The claimant argues that her voluntary agreement should have been reopened because new evidence showed that she had not reached maximum medical improvement, contrary to the parties’ earlier assumption. The decision to open and modify a voluntary agreement falls within the discretion of the trial commissioner, and this board will not disturb his decision unless he arbitrarily reached an unreasonable result. Scalora v. Dattco Bus Company, 2059 CRB-1-94-5 (decided Oct. 9, 1996). Similarly, any factual findings made by the commissioner cannot be disturbed unless they are without any evidentiary support, and the conclusions reached by the commissioner must stand unless they are illegal or based on impermissible inferences drawn from the evidence. Id., citing Fair v. People’s Savings Bank, 207 Conn. 535, 539 (1988).

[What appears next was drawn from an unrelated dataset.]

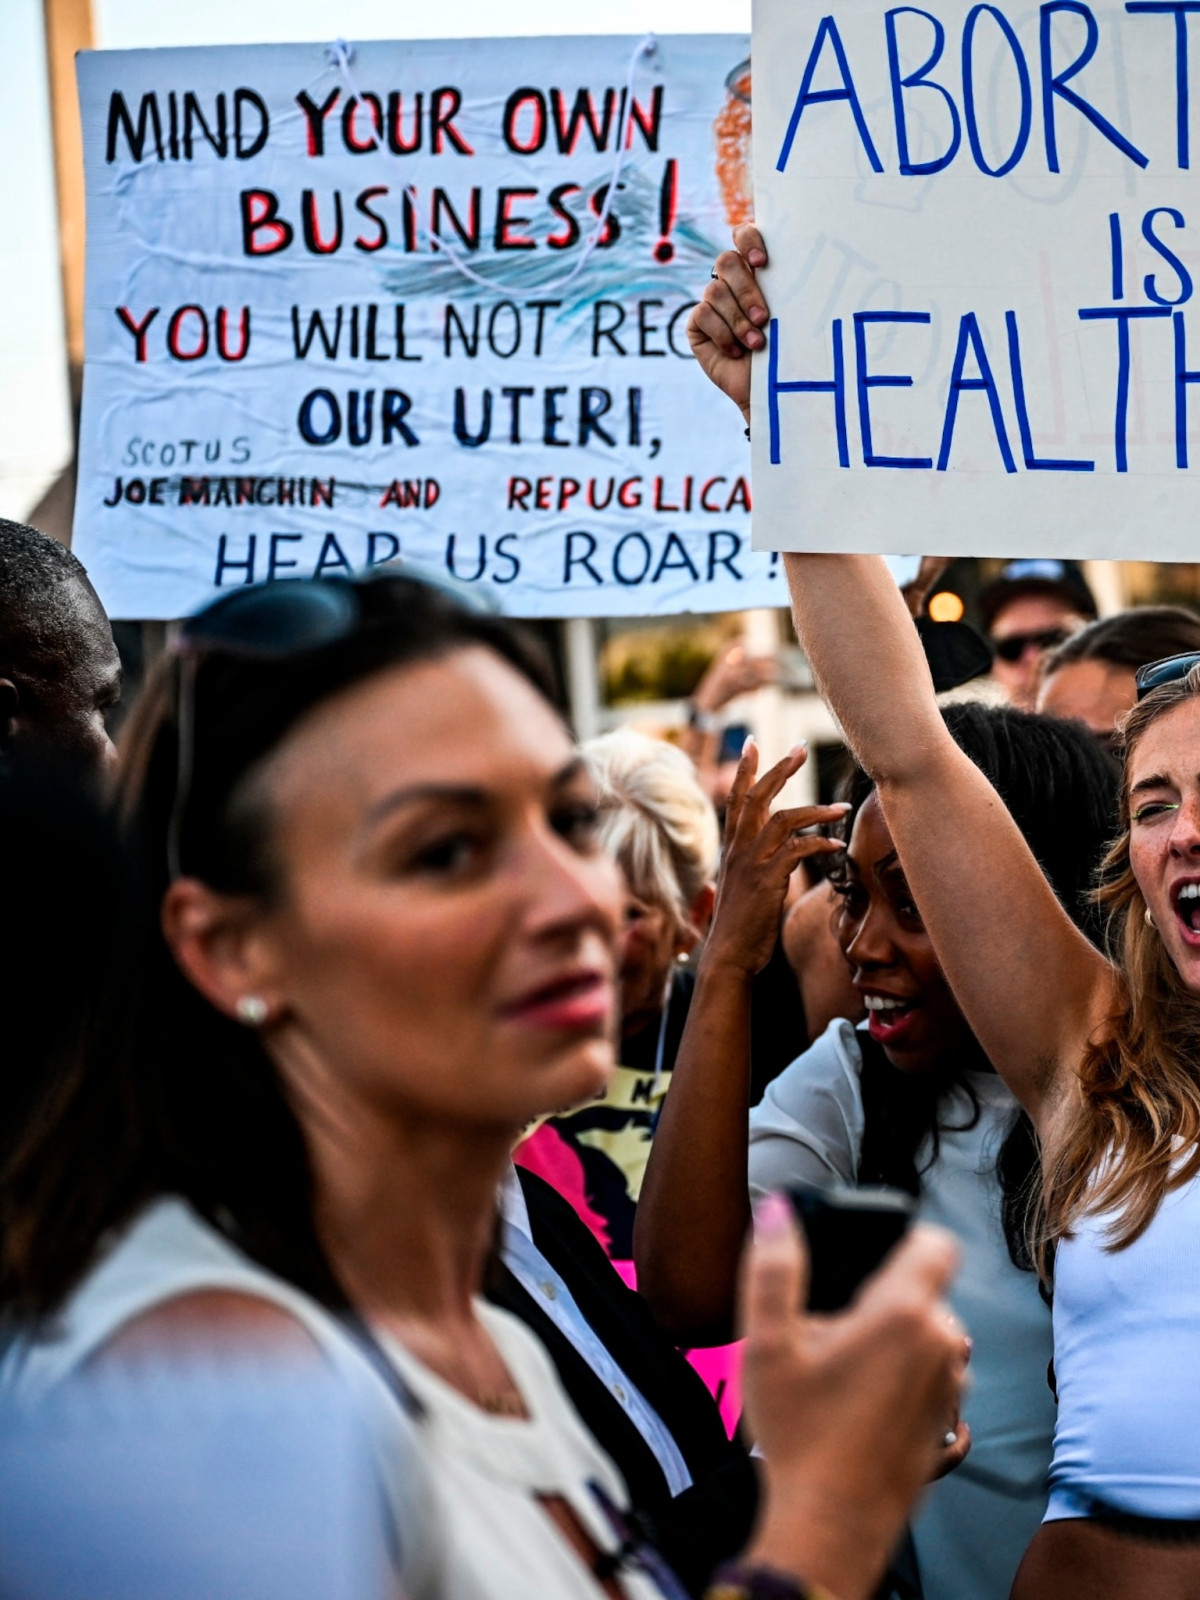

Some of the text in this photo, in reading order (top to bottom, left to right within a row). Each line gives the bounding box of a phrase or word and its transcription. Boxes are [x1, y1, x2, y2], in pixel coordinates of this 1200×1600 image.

Even though Dr. Sella also refers in that same report to the claimant’s need for several more trigger point injections, at which point she would be at maximum medical improvement, he had drawn a distinction between the original compensable injuries and the claimant’s current signs of fibromyalgia. The commissioner denied the claimant’s requested correction regarding this report, which indicates that he concluded from Dr. Sella’s report that the claimant’s compensable injury had stabilized, and that her fibromyalgia was not legally significant. Such a conclusion was not impermissible or unreasonable from that evidence, and this board may not alter the commissioner’s findings on that issue. Fair, supra; Webb v. Pfizer, Inc., 14 Conn. Workers’ Comp. Rev. Op. 69, 70-71, 1859 CRB-5-93-9 (May 12, 1995). In turn, we cannot say that the commissioner acted unreasonably in failing to open the voluntary agreement.
The claimant also argues that the commissioner erred in determining that her base compensation rate of $333.33 was correct. She provides little explanation for this contention, simply claiming that her rate should have been modified to reflect her salary at the time of injury, which was $741 per week. As the respondents point out in their brief, however, the amount of money that the claimant is currently earning as a part-time secretary is not the only possible evidence of her earning capacity under § 31-308a, even if it is acceptable evidence of that figure. See Genovesi v. Choice Designs, Inc., 13 Conn. Workers’ Comp. Rev. Op. 218, 221, 1745 CRB-5-93-6 (April 12, 1995). Without some concrete evidence that the commissioner relied on an erroneous figure, we have no basis on which to question his decision not to recalculate the claimant’s compensation rate.
Finally, the claimant requests that this board order the respondents to pay for several treatments ordered by Dr. Murphy. There is no dispute that this issue has not yet been discussed at an informal or formal hearing. Therefore, it is not yet ripe for review.